Para tanto, manda vir de sua biblioteca a coleção de diapositivos que ele mesmo fizera
durante a viagem e apresenta a conferência "Imagens da Região dos Índios Pueblos da
América do Norte" em 21 de abril.
Warburg envia suas anotações da palestra a seu bibliotecário Fritz Saxl com a instrução
expressa de não publicar e de não mostrá-las a ninguém, com exceção de seu amigo
Ernst Cassirer.
Saxl obedeceu à ordem até 20 anos após a morte de Warburg, publicando as notas em
inglês no Warburg Institute em Londres. A edição alemã só seria publicada quase 40
anos depois. Hoje, tal escrito breve é considerado chave para o pensamento inovador
de Warburg sobre as imagens que povoam nosso mundo e hoje ocupam todos os
nossos espaços, dos mais públicos aos mais íntimos.

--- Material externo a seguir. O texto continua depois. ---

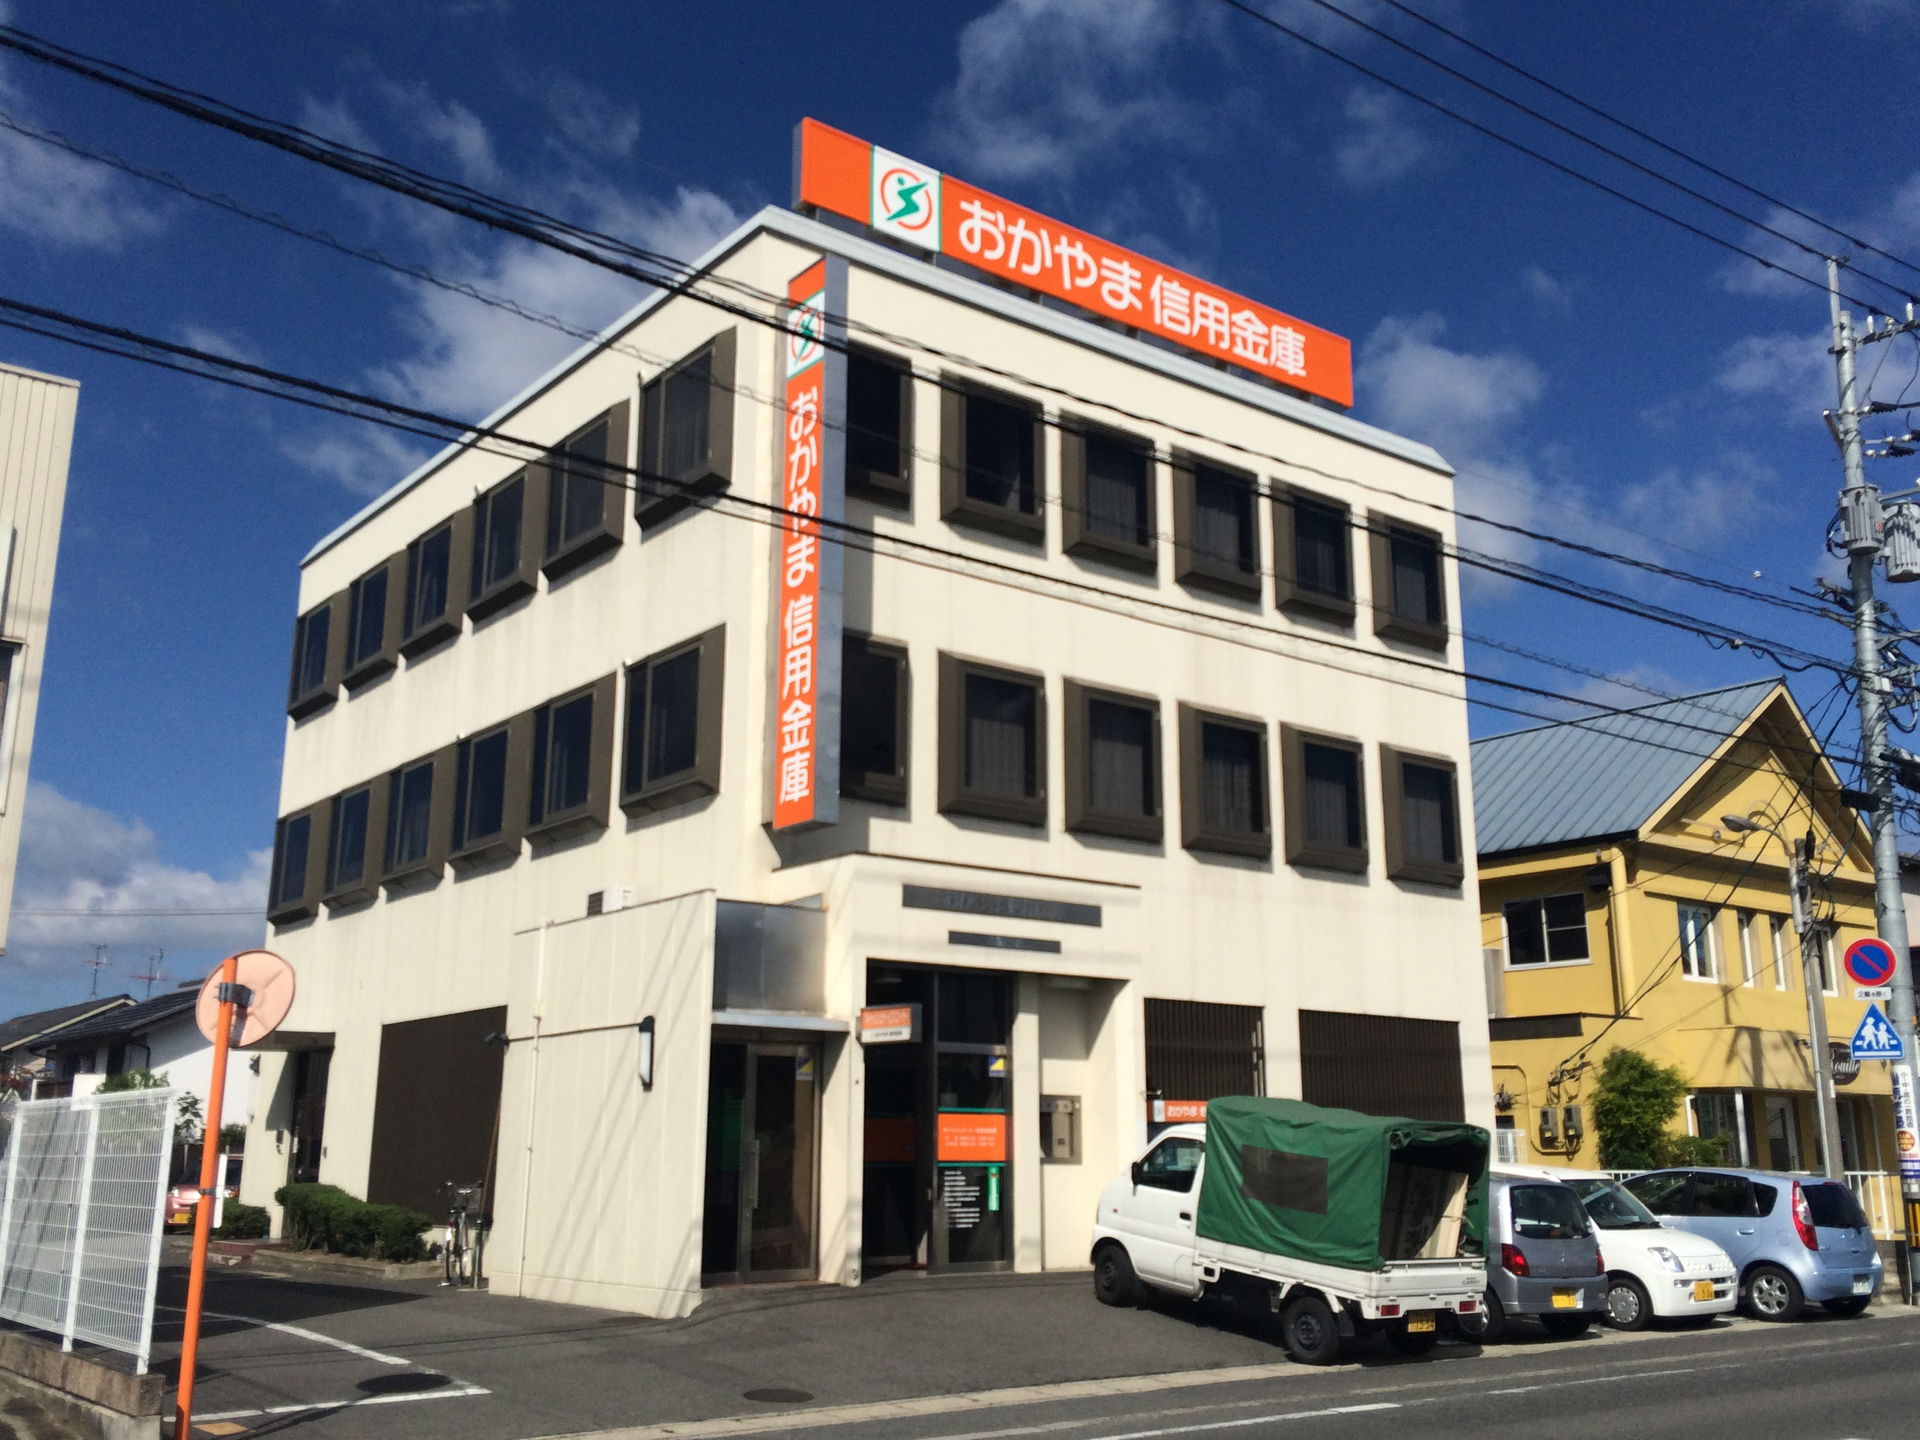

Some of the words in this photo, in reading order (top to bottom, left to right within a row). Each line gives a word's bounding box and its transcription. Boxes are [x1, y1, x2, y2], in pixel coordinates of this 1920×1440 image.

É a demonstração da ousada tese de Aby Warburg sobre algo que ele chama de
Nachleben, palavra alemã criada por ele (como costumava fazer com frequência) e que
significa "pós-vida", uma vida após a vida. Não se trata de vida póstuma, como alguns a
traduziram, pois não é vida após a morte. Tampouco é "sobrevivência" ou "sobrevida"
como tantos outros a traduziram, pois não é continuação da vida após uma crise ou uma
ameaça. A imagem é sempre uma pós-vida.
Um "guarda-venenos"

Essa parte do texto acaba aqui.